__The problem__.
Each record below is to be set down again precisely.
%%
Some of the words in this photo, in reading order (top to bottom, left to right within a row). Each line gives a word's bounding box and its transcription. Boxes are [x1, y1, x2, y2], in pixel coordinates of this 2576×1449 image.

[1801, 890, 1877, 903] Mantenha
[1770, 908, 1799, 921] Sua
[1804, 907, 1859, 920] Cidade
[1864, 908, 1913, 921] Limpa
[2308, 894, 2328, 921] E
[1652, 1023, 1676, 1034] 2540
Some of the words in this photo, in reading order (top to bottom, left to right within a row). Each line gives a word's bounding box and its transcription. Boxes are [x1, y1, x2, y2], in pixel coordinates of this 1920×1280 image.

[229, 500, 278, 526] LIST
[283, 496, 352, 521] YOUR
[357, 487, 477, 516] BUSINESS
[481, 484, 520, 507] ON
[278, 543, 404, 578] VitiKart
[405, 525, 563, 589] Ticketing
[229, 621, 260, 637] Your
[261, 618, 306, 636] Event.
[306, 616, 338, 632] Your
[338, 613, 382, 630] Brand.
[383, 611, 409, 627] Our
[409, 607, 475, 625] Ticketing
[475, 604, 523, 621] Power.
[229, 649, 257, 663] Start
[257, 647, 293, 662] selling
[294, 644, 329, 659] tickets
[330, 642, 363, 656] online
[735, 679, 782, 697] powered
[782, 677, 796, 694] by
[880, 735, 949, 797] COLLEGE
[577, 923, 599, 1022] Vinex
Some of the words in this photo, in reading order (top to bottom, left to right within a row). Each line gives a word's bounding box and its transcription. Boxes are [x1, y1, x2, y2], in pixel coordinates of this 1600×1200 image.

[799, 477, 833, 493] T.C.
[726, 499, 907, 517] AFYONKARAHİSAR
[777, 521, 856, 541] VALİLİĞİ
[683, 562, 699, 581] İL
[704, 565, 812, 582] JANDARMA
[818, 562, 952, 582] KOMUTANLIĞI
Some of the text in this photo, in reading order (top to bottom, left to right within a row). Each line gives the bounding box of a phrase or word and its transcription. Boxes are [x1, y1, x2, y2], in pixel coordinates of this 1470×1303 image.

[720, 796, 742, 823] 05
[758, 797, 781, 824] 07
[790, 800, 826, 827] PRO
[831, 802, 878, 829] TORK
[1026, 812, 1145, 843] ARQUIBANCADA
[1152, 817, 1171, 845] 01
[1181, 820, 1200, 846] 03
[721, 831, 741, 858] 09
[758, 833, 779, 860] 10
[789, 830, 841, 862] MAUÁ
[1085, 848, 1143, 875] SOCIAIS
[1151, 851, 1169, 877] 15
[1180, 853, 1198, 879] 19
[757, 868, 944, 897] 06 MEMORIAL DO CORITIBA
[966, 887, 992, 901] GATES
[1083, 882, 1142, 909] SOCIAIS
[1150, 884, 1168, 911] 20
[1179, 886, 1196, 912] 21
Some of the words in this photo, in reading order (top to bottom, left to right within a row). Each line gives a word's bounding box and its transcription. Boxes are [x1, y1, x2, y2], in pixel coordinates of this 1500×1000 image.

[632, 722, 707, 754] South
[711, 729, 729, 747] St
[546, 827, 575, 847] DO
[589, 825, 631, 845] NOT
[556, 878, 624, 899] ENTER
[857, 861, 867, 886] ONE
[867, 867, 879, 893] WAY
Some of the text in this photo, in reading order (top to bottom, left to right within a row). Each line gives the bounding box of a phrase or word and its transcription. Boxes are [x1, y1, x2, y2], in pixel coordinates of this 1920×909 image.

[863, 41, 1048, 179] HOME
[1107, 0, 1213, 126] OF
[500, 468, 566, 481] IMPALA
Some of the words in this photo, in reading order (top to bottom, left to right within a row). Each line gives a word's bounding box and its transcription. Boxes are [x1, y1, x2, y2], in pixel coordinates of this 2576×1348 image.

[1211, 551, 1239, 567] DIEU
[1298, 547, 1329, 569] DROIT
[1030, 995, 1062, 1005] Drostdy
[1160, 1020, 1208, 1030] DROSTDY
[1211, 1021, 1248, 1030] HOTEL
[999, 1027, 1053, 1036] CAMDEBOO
%%
__Solution to the problem__.
Some of the words in this photo, in reading order (top to bottom, left to right within a row). Each line gives a word's bounding box and its transcription. Boxes are [x1, y1, x2, y2], in pixel coordinates of this 2576×1449 image.

[1801, 890, 1877, 903] Mantenha
[1770, 908, 1799, 921] Sua
[1804, 907, 1859, 920] Cidade
[1864, 908, 1913, 921] Limpa
[2308, 894, 2328, 921] E
[1652, 1023, 1676, 1034] 2540
Some of the words in this photo, in reading order (top to bottom, left to right within a row). Each line gives a word's bounding box and its transcription. Boxes are [x1, y1, x2, y2], in pixel coordinates of this 1920×1280 image.

[229, 500, 278, 526] LIST
[283, 496, 352, 521] YOUR
[357, 487, 477, 516] BUSINESS
[481, 484, 520, 507] ON
[278, 543, 404, 578] VitiKart
[405, 525, 563, 589] Ticketing
[229, 621, 260, 637] Your
[261, 618, 306, 636] Event.
[306, 616, 338, 632] Your
[338, 613, 382, 630] Brand.
[383, 611, 409, 627] Our
[409, 607, 475, 625] Ticketing
[475, 604, 523, 621] Power.
[229, 649, 257, 663] Start
[257, 647, 293, 662] selling
[294, 644, 329, 659] tickets
[330, 642, 363, 656] online
[735, 679, 782, 697] powered
[782, 677, 796, 694] by
[880, 735, 949, 797] COLLEGE
[577, 923, 599, 1022] Vinex
Some of the words in this photo, in reading order (top to bottom, left to right within a row). Each line gives a word's bounding box and its transcription. Boxes are [x1, y1, x2, y2], in pixel coordinates of this 1600×1200 image.

[799, 477, 833, 493] T.C.
[726, 499, 907, 517] AFYONKARAHİSAR
[777, 521, 856, 541] VALİLİĞİ
[683, 562, 699, 581] İL
[704, 565, 812, 582] JANDARMA
[818, 562, 952, 582] KOMUTANLIĞI
Some of the text in this photo, in reading order (top to bottom, left to right within a row). Each line gives the bounding box of a phrase or word and its transcription. Boxes are [x1, y1, x2, y2], in pixel coordinates of this 1470×1303 image.

[720, 796, 742, 823] 05
[758, 797, 781, 824] 07
[790, 800, 826, 827] PRO
[831, 802, 878, 829] TORK
[1026, 812, 1145, 843] ARQUIBANCADA
[1152, 817, 1171, 845] 01
[1181, 820, 1200, 846] 03
[721, 831, 741, 858] 09
[758, 833, 779, 860] 10
[789, 830, 841, 862] MAUÁ
[1085, 848, 1143, 875] SOCIAIS
[1151, 851, 1169, 877] 15
[1180, 853, 1198, 879] 19
[757, 868, 944, 897] 06 MEMORIAL DO CORITIBA
[966, 887, 992, 901] GATES
[1083, 882, 1142, 909] SOCIAIS
[1150, 884, 1168, 911] 20
[1179, 886, 1196, 912] 21
Some of the words in this photo, in reading order (top to bottom, left to right within a row). Each line gives a word's bounding box and its transcription. Boxes are [x1, y1, x2, y2], in pixel coordinates of this 1500×1000 image.

[632, 722, 707, 754] South
[711, 729, 729, 747] St
[546, 827, 575, 847] DO
[589, 825, 631, 845] NOT
[556, 878, 624, 899] ENTER
[857, 861, 867, 886] ONE
[867, 867, 879, 893] WAY
Some of the text in this photo, in reading order (top to bottom, left to right within a row). Each line gives the bounding box of a phrase or word and its transcription. Boxes are [x1, y1, x2, y2], in pixel coordinates of this 1920×909 image.

[863, 41, 1048, 179] HOME
[1107, 0, 1213, 126] OF
[500, 468, 566, 481] IMPALA
Some of the words in this photo, in reading order (top to bottom, left to right within a row). Each line gives a word's bounding box and its transcription. Boxes are [x1, y1, x2, y2], in pixel coordinates of this 2576×1348 image.

[1211, 551, 1239, 567] DIEU
[1298, 547, 1329, 569] DROIT
[1030, 995, 1062, 1005] Drostdy
[1160, 1020, 1208, 1030] DROSTDY
[1211, 1021, 1248, 1030] HOTEL
[999, 1027, 1053, 1036] CAMDEBOO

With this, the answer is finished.